++++ Data for review

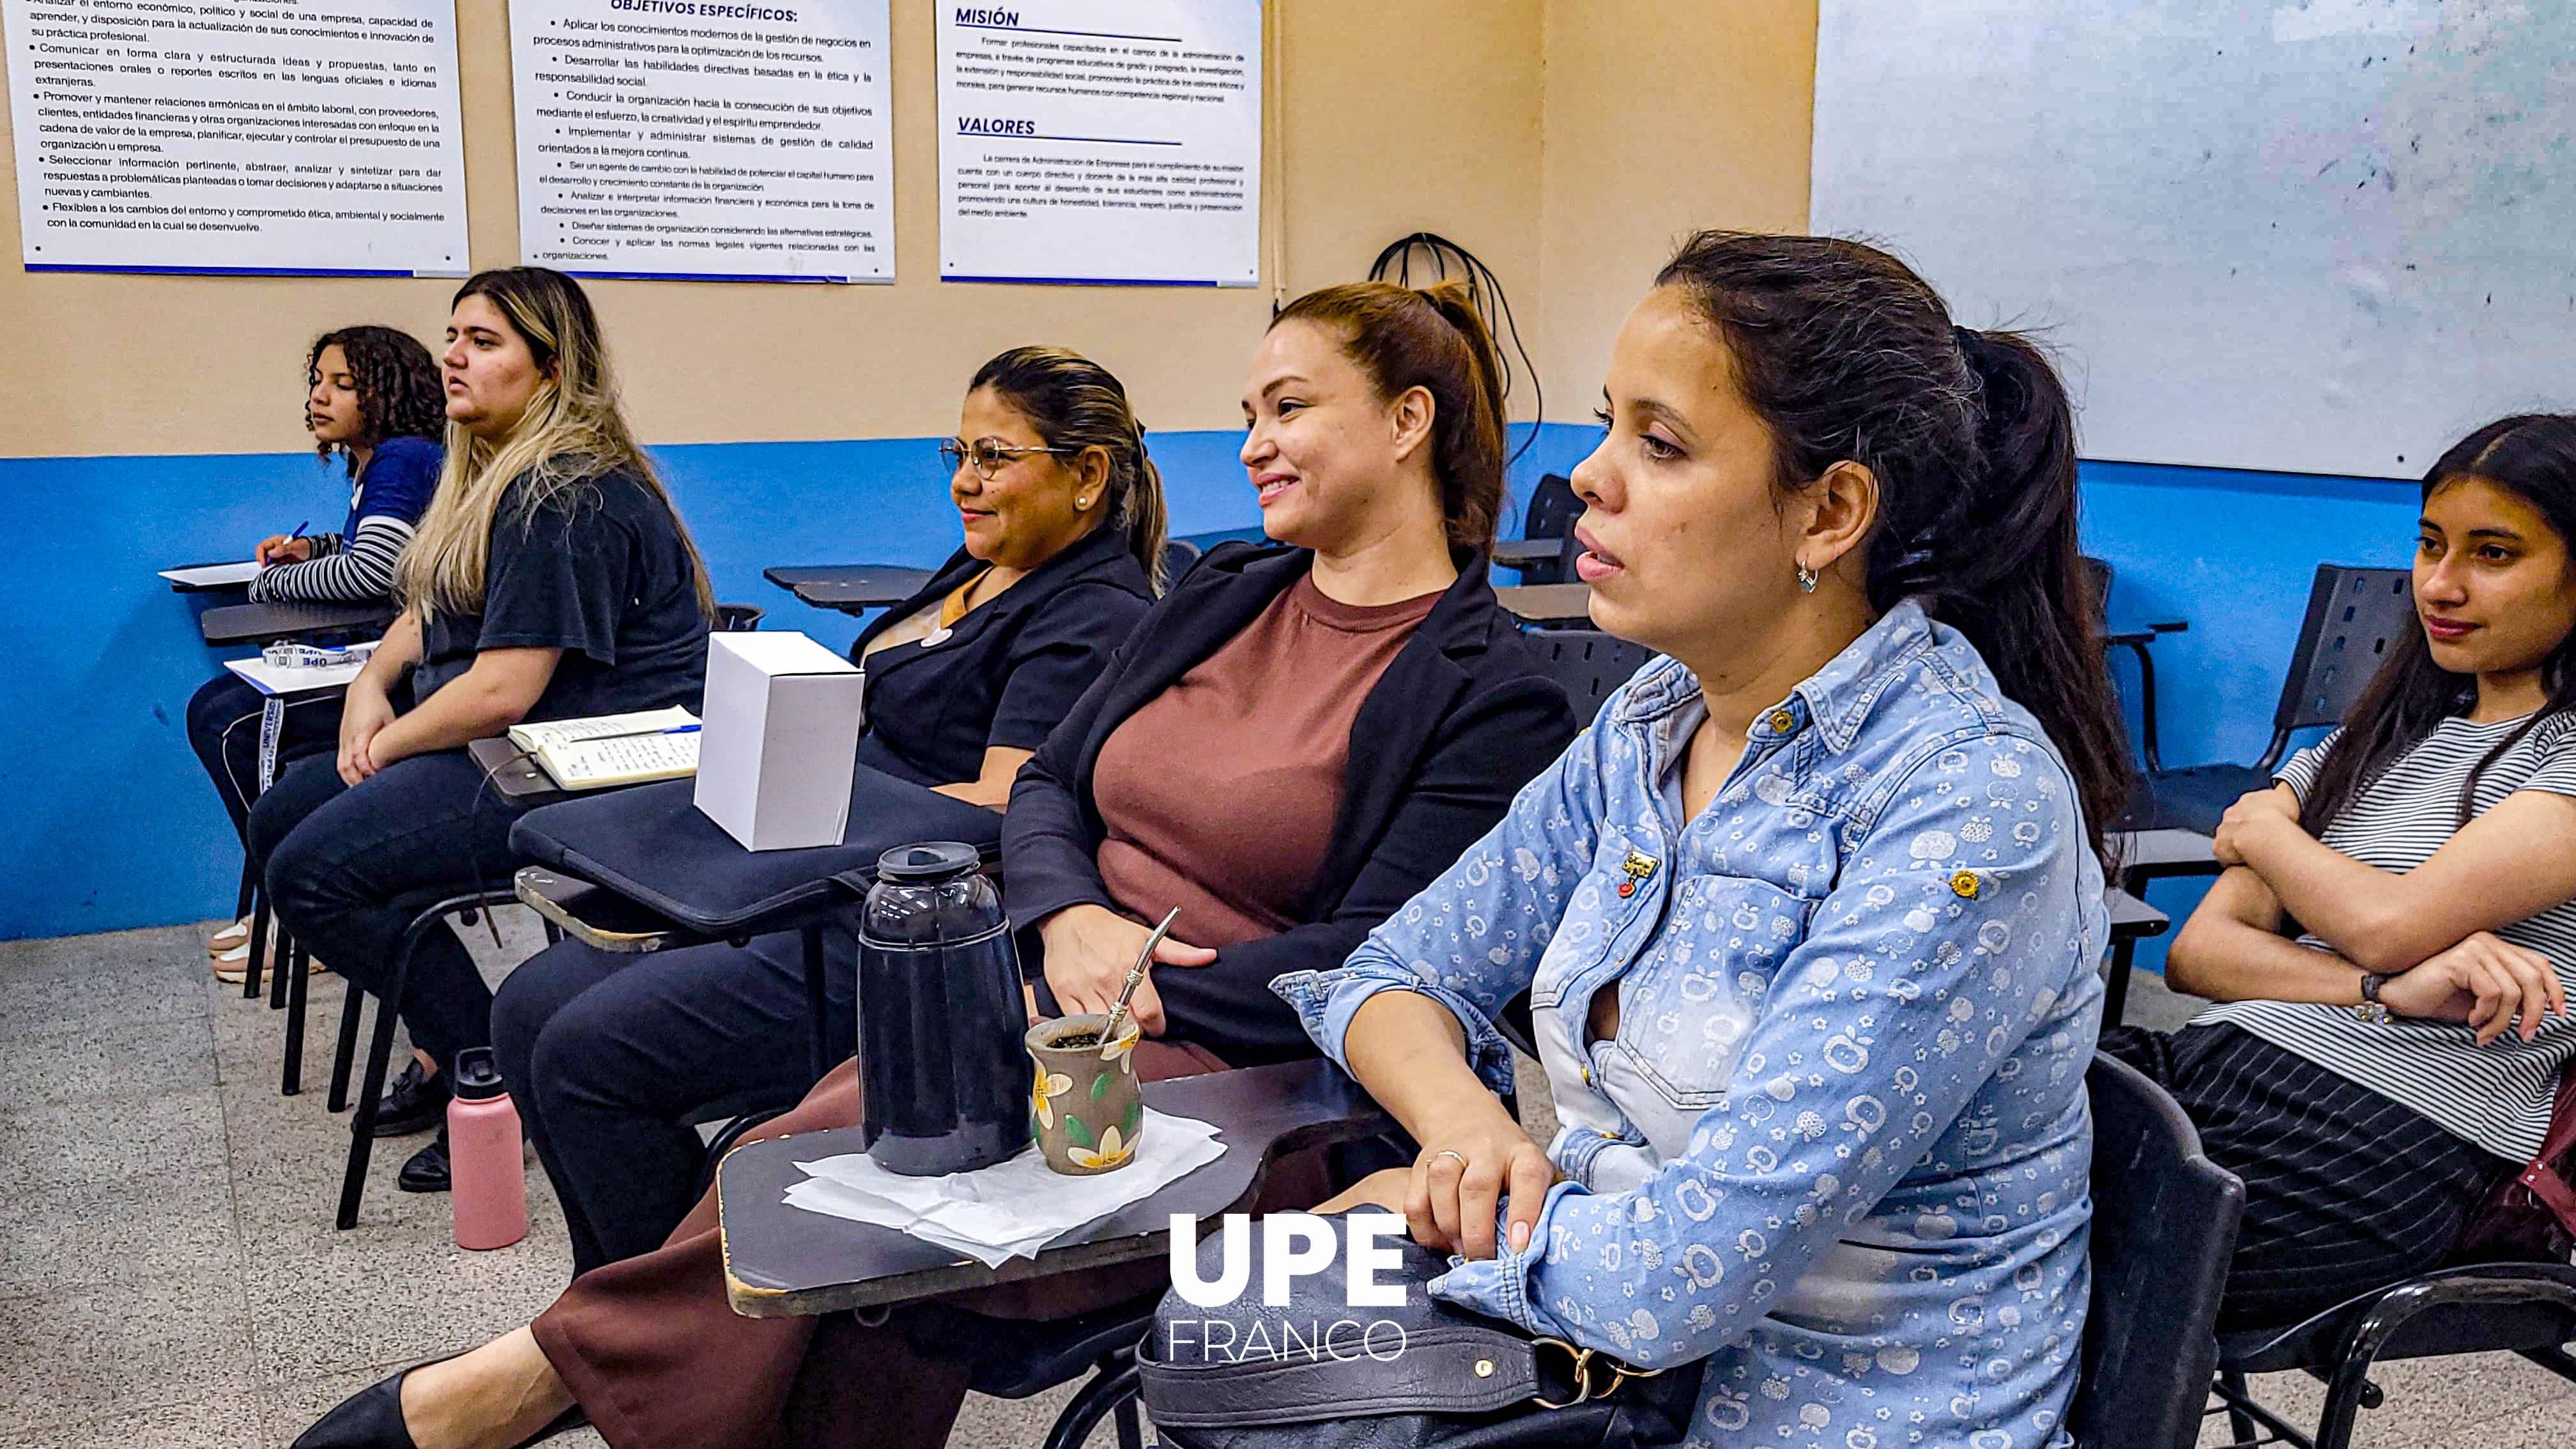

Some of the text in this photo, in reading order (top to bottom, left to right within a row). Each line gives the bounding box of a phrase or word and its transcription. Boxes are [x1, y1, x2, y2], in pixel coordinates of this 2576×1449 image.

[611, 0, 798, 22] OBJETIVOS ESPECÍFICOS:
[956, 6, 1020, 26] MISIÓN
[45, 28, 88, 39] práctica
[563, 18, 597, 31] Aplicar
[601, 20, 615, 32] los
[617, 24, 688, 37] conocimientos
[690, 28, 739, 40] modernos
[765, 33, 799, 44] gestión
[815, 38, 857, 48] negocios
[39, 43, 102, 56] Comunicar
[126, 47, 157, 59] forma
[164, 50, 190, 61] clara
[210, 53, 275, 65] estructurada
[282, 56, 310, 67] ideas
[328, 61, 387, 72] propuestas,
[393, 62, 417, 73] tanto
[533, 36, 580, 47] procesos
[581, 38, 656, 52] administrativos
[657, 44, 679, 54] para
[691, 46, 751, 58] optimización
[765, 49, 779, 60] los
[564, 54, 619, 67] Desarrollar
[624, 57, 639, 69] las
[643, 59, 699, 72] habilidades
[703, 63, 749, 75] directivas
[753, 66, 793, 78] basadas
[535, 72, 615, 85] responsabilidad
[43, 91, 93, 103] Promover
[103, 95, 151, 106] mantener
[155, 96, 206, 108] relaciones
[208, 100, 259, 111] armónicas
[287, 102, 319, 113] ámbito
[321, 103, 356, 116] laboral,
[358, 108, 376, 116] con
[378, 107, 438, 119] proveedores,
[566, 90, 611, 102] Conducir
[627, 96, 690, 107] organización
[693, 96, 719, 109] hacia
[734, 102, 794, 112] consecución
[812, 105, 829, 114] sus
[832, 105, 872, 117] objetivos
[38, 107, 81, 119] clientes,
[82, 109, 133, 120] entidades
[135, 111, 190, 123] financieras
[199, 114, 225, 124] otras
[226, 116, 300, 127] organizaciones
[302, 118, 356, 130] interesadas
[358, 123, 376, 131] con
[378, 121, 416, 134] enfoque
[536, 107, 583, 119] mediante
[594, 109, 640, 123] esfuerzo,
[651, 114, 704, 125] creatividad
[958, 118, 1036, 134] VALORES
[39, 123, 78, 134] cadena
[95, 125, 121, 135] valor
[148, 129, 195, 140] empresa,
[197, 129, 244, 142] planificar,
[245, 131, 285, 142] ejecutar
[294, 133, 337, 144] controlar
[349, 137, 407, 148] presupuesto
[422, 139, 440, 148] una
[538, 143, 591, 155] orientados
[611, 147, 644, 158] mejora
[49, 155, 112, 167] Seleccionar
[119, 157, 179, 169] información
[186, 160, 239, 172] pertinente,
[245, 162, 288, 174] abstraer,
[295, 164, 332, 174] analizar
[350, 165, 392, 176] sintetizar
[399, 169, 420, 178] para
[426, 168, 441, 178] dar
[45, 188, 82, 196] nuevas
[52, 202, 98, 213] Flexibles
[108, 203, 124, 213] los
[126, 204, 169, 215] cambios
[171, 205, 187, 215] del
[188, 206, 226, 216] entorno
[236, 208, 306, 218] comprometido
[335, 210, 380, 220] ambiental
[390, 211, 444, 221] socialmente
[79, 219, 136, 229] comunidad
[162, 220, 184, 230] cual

++++++++

## [Your objective]
Leave out all images, then reproduce the entries above exactly.

## [Reply to the task]
Some of the text in this photo, in reading order (top to bottom, left to right within a row). Each line gives the bounding box of a phrase or word and its transcription. Boxes are [x1, y1, x2, y2], in pixel coordinates of this 2576×1449 image.

[611, 0, 798, 22] OBJETIVOS ESPECÍFICOS:
[956, 6, 1020, 26] MISIÓN
[45, 28, 88, 39] práctica
[563, 18, 597, 31] Aplicar
[601, 20, 615, 32] los
[617, 24, 688, 37] conocimientos
[690, 28, 739, 40] modernos
[765, 33, 799, 44] gestión
[815, 38, 857, 48] negocios
[39, 43, 102, 56] Comunicar
[126, 47, 157, 59] forma
[164, 50, 190, 61] clara
[210, 53, 275, 65] estructurada
[282, 56, 310, 67] ideas
[328, 61, 387, 72] propuestas,
[393, 62, 417, 73] tanto
[533, 36, 580, 47] procesos
[581, 38, 656, 52] administrativos
[657, 44, 679, 54] para
[691, 46, 751, 58] optimización
[765, 49, 779, 60] los
[564, 54, 619, 67] Desarrollar
[624, 57, 639, 69] las
[643, 59, 699, 72] habilidades
[703, 63, 749, 75] directivas
[753, 66, 793, 78] basadas
[535, 72, 615, 85] responsabilidad
[43, 91, 93, 103] Promover
[103, 95, 151, 106] mantener
[155, 96, 206, 108] relaciones
[208, 100, 259, 111] armónicas
[287, 102, 319, 113] ámbito
[321, 103, 356, 116] laboral,
[358, 108, 376, 116] con
[378, 107, 438, 119] proveedores,
[566, 90, 611, 102] Conducir
[627, 96, 690, 107] organización
[693, 96, 719, 109] hacia
[734, 102, 794, 112] consecución
[812, 105, 829, 114] sus
[832, 105, 872, 117] objetivos
[38, 107, 81, 119] clientes,
[82, 109, 133, 120] entidades
[135, 111, 190, 123] financieras
[199, 114, 225, 124] otras
[226, 116, 300, 127] organizaciones
[302, 118, 356, 130] interesadas
[358, 123, 376, 131] con
[378, 121, 416, 134] enfoque
[536, 107, 583, 119] mediante
[594, 109, 640, 123] esfuerzo,
[651, 114, 704, 125] creatividad
[958, 118, 1036, 134] VALORES
[39, 123, 78, 134] cadena
[95, 125, 121, 135] valor
[148, 129, 195, 140] empresa,
[197, 129, 244, 142] planificar,
[245, 131, 285, 142] ejecutar
[294, 133, 337, 144] controlar
[349, 137, 407, 148] presupuesto
[422, 139, 440, 148] una
[538, 143, 591, 155] orientados
[611, 147, 644, 158] mejora
[49, 155, 112, 167] Seleccionar
[119, 157, 179, 169] información
[186, 160, 239, 172] pertinente,
[245, 162, 288, 174] abstraer,
[295, 164, 332, 174] analizar
[350, 165, 392, 176] sintetizar
[399, 169, 420, 178] para
[426, 168, 441, 178] dar
[45, 188, 82, 196] nuevas
[52, 202, 98, 213] Flexibles
[108, 203, 124, 213] los
[126, 204, 169, 215] cambios
[171, 205, 187, 215] del
[188, 206, 226, 216] entorno
[236, 208, 306, 218] comprometido
[335, 210, 380, 220] ambiental
[390, 211, 444, 221] socialmente
[79, 219, 136, 229] comunidad
[162, 220, 184, 230] cual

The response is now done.